Le reste du carnet était vierge. Andrew photographia les deux premiers feuillets avec son téléphone portable. Il alla inspecter la chambre à coucher et la salle de bains. De retour dans le salon, alors qu'il examinait attentivement les photographies au mur et redressait un cadre, il entendit la voix de sa conscience lui demander à quoi il jouait, qu'imaginerait-il comme excuse si quelqu'un entrait ? Et la même petite voix l'incita à quitter les lieux sur-le-champ.


*

Quand Simon rentra chez lui, il trouva Andrew assis au petit bureau de sa chambre, le nez collé sur son ordinateur portable, un verre de Fernet-Coca à moitié vide en main.

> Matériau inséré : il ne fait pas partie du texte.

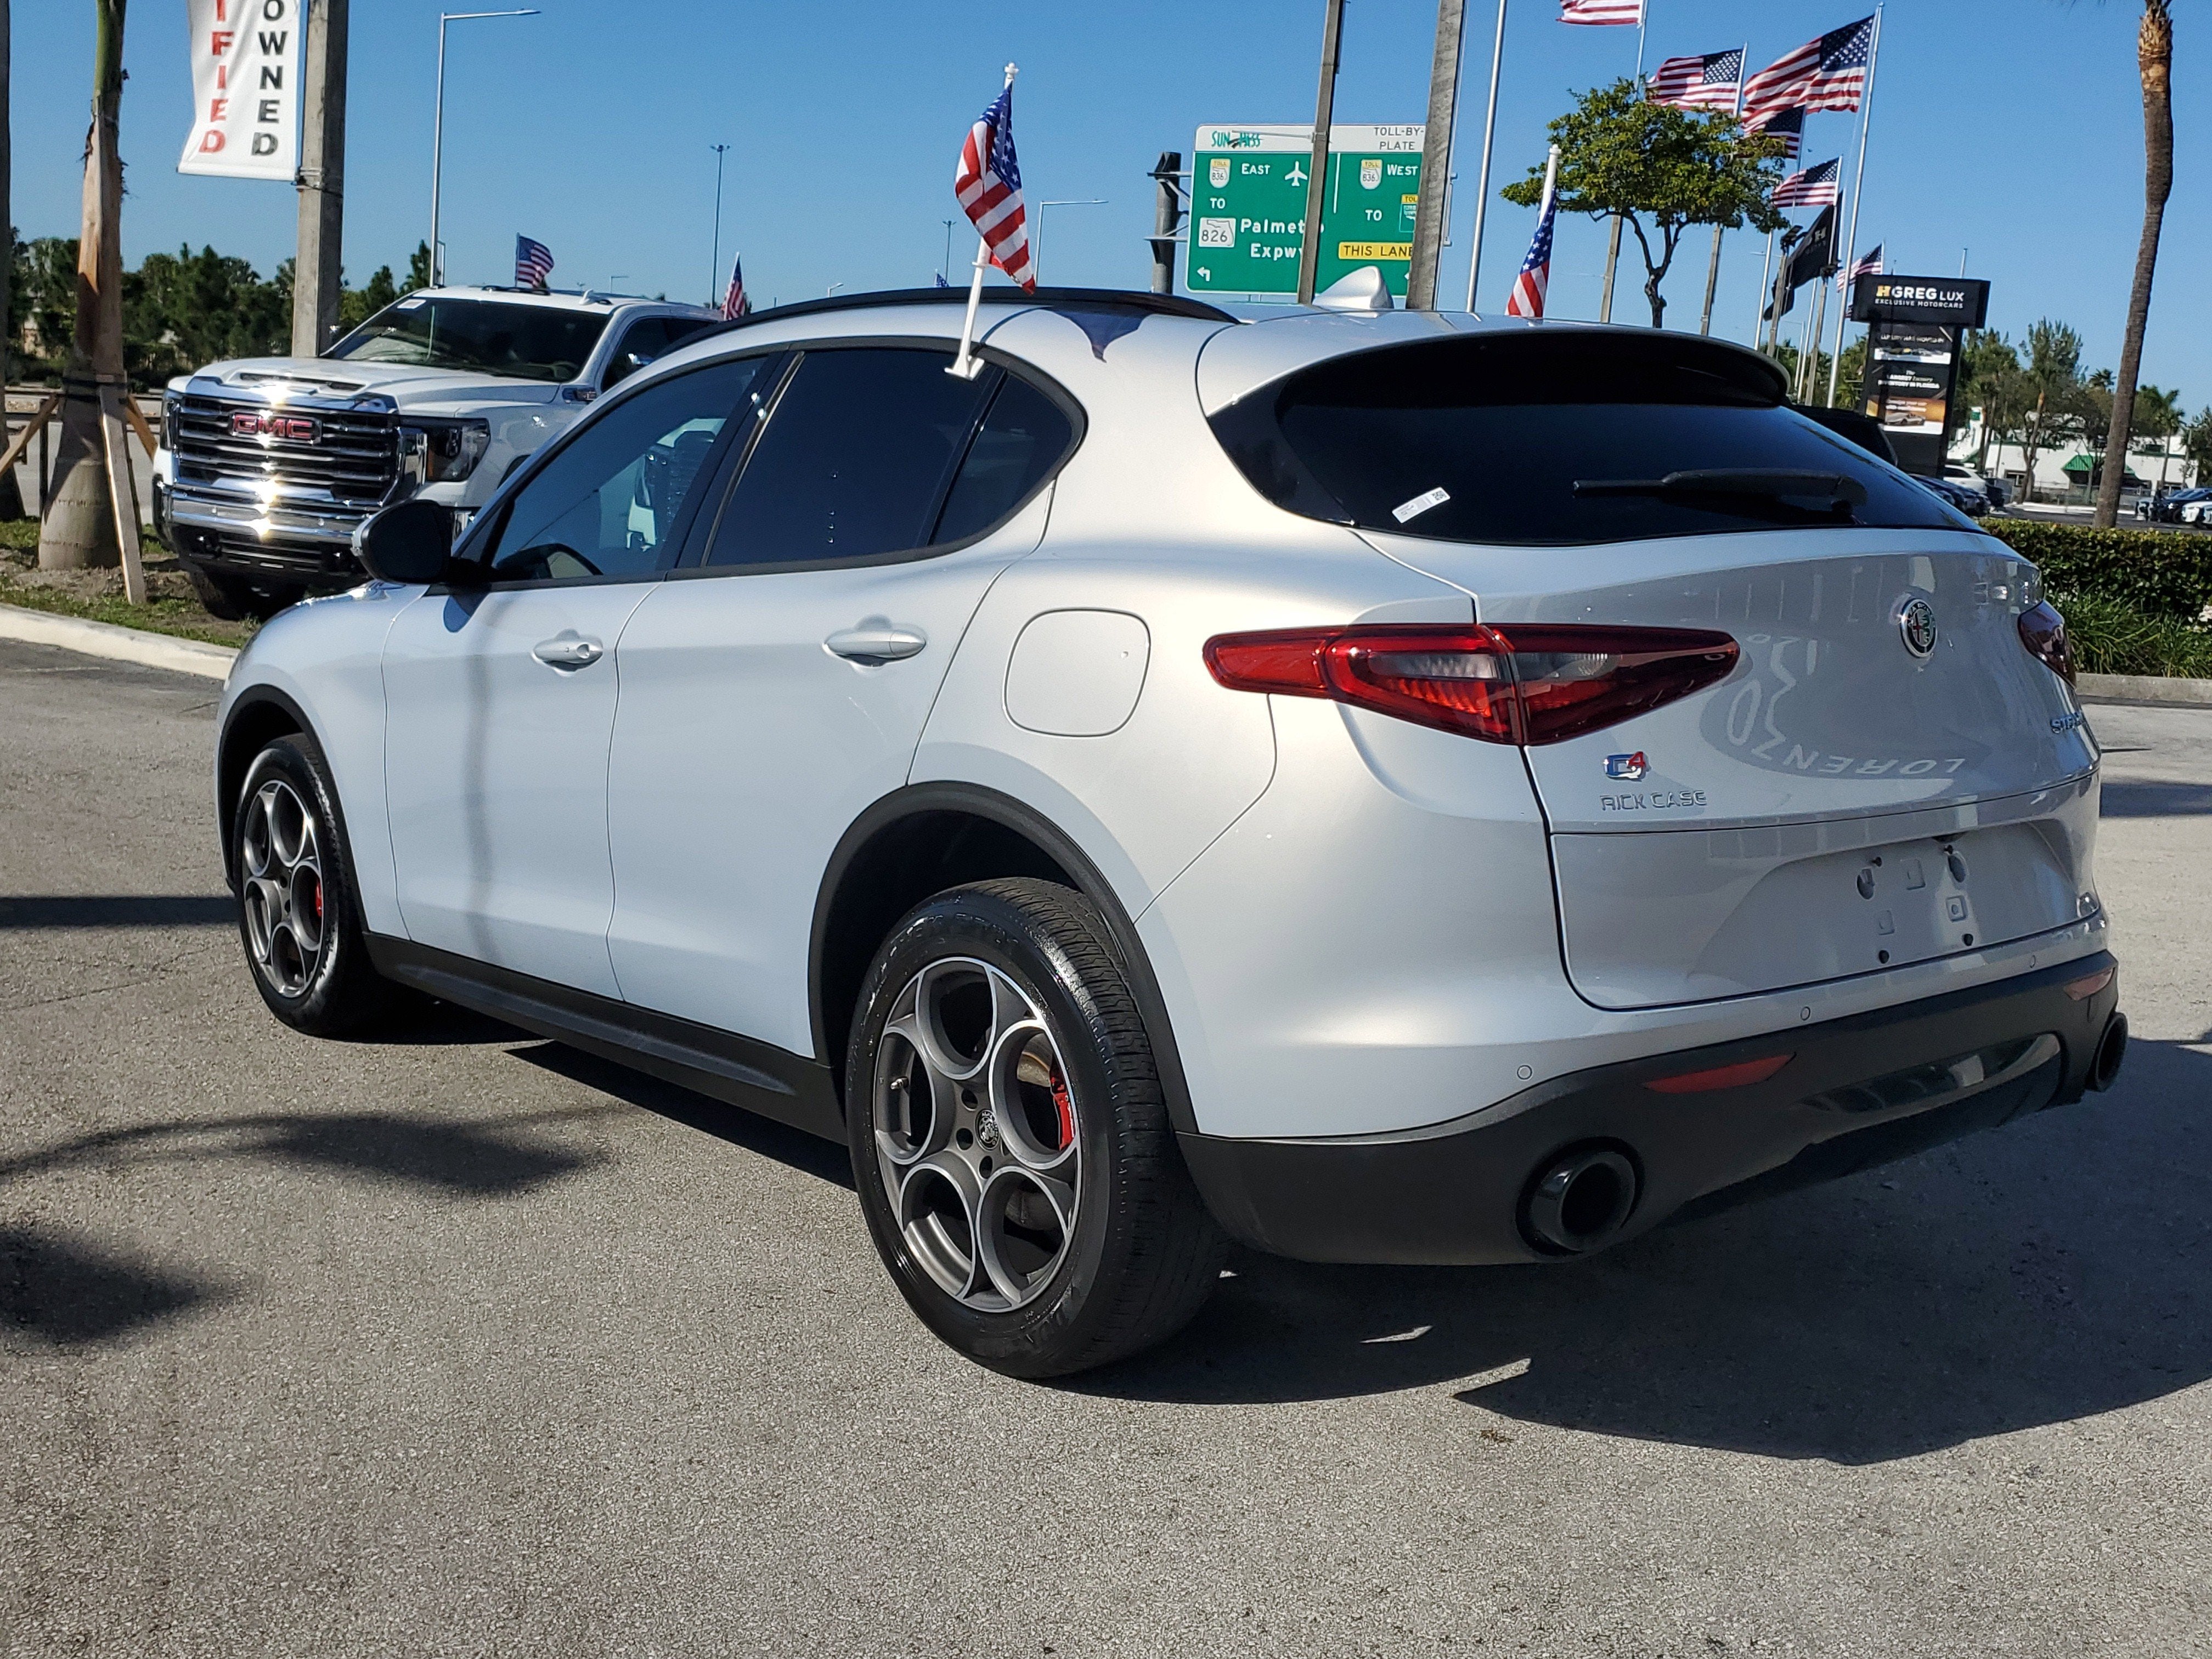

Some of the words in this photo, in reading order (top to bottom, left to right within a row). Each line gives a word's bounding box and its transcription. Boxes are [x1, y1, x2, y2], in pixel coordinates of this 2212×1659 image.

[251, 0, 288, 156] OWNED
[1374, 127, 1424, 136] TOLL-BY-
[1379, 141, 1415, 150] PLATE
[1241, 163, 1271, 174] EAST
[1387, 164, 1419, 176] WEST
[1212, 172, 1224, 180] 836
[1363, 173, 1375, 182] 836
[1210, 198, 1226, 209] TO
[1365, 210, 1383, 221] TO
[1201, 230, 1228, 242] 826
[1344, 245, 1373, 256] THIS
[1939, 291, 1965, 301] LUX
[234, 414, 313, 439] GMC
[1604, 751, 1645, 780] Q4
[1600, 794, 1646, 811] RICK
[1650, 791, 1707, 808] CASE

– Je peux savoir ce que tu fais ?

– Je bosse.

– Tu en as bu combien ?

– Deux, peut-être trois.

– Trois ou quatre ? s'enquit Simon en lui confisquant le verre.

– Tu m'emmerdes, Simon.

– Tant que tu dors sous mon toit, accepte la seule chose que je te demande en contrepartie. Le Coca sans Fernet, c'est si difficile que ça ?

– Plus que tu ne le penses. Ça m'aide à réfléchir.

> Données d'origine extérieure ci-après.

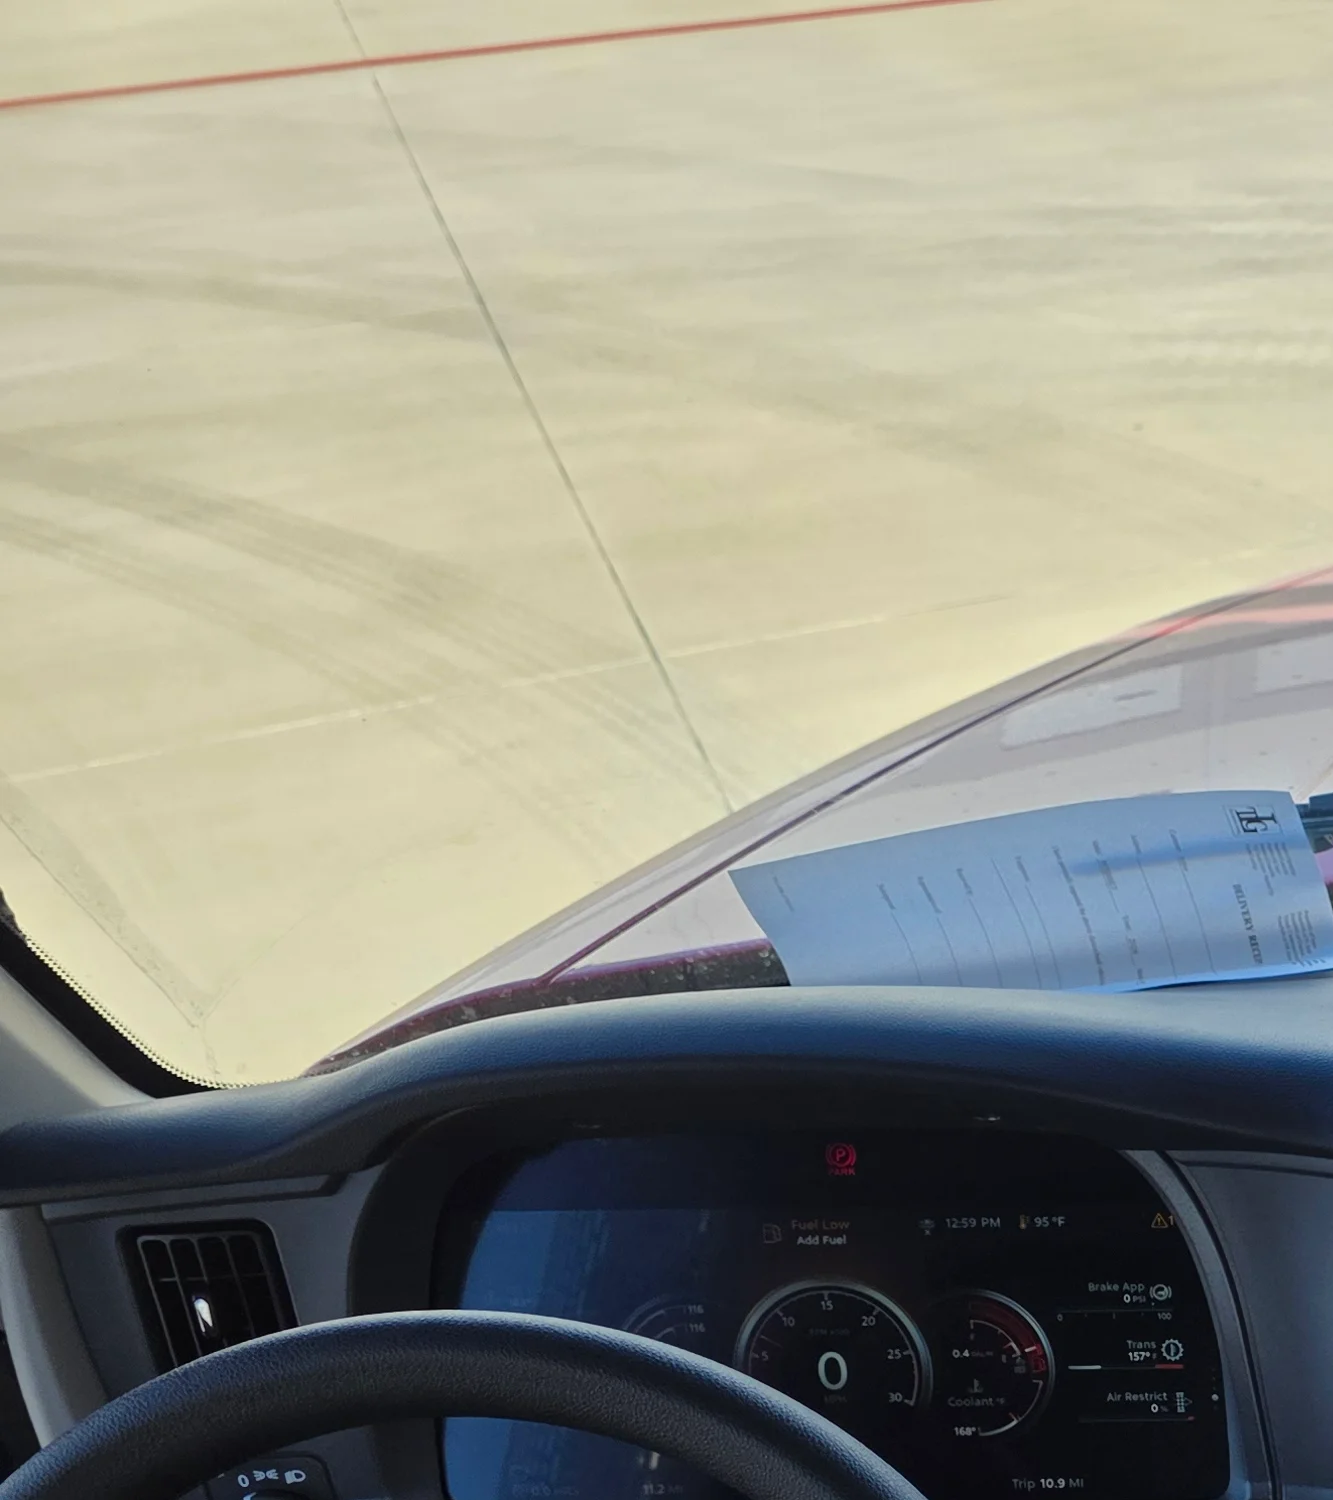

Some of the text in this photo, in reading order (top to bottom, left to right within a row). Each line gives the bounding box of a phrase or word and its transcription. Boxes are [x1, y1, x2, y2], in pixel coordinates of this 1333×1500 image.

[791, 1219, 850, 1231] Fuel Low
[945, 1217, 1001, 1229] 12:59 PM
[1034, 1217, 1049, 1228] 95
[797, 1235, 847, 1246] Add Fuel
[1088, 1282, 1145, 1294] Brake App
[1123, 1293, 1131, 1304] 0
[821, 1301, 834, 1311] 15
[782, 1316, 796, 1327] 10
[861, 1316, 876, 1327] 20
[1157, 1312, 1172, 1321] 100
[1126, 1340, 1157, 1350] Trans
[761, 1351, 769, 1361] 5
[887, 1349, 902, 1360] 25
[952, 1349, 970, 1359] 0.4
[817, 1351, 848, 1391] 0
[888, 1392, 903, 1403] 30
[948, 1397, 994, 1407] Coolant
[1106, 1391, 1168, 1402] Air Restrict
[1150, 1403, 1159, 1413] 0
[1012, 1478, 1036, 1492] Trip
[1040, 1478, 1066, 1489] 10.9

– Parle-moi de ce qui te tracasse, on ne sait jamais, un vieil ami pourrait rivaliser avec une boisson amère.

– Quelque chose ne tourne pas rond chez cette fille.

– Celle de la bibliothèque ?

Simon s'allongea sur le lit, bras derrière la nuque.

– Je t'écoute.

– Elle m'a menti.

– À quel sujet ?

– Elle prétend avoir emménagé il y a peu dans cet appartement de Morton Street, mais c'est faux.

– Tu en es certain ?

– L'air de New York est pollué, mais pas au point que des cadres photo laissent des marques aux murs en quelques semaines. Maintenant, la question est pourquoi ce bobard ?

– Pour que, justement, tu n'ailles pas fouiner dans sa vie. Tu as dîné ? questionna Simon.

– Oui, répliqua Andrew en montrant le verre que Simon lui avait confisqué.

– Mets ta veste !

La nuit approchait, les rues du West Village étaient de nouveau fréquentées. Andrew s'arrêta sur le trottoir en face de son immeuble et leva les yeux vers les fenêtres du troisième étage qui venaient de s'éteindre.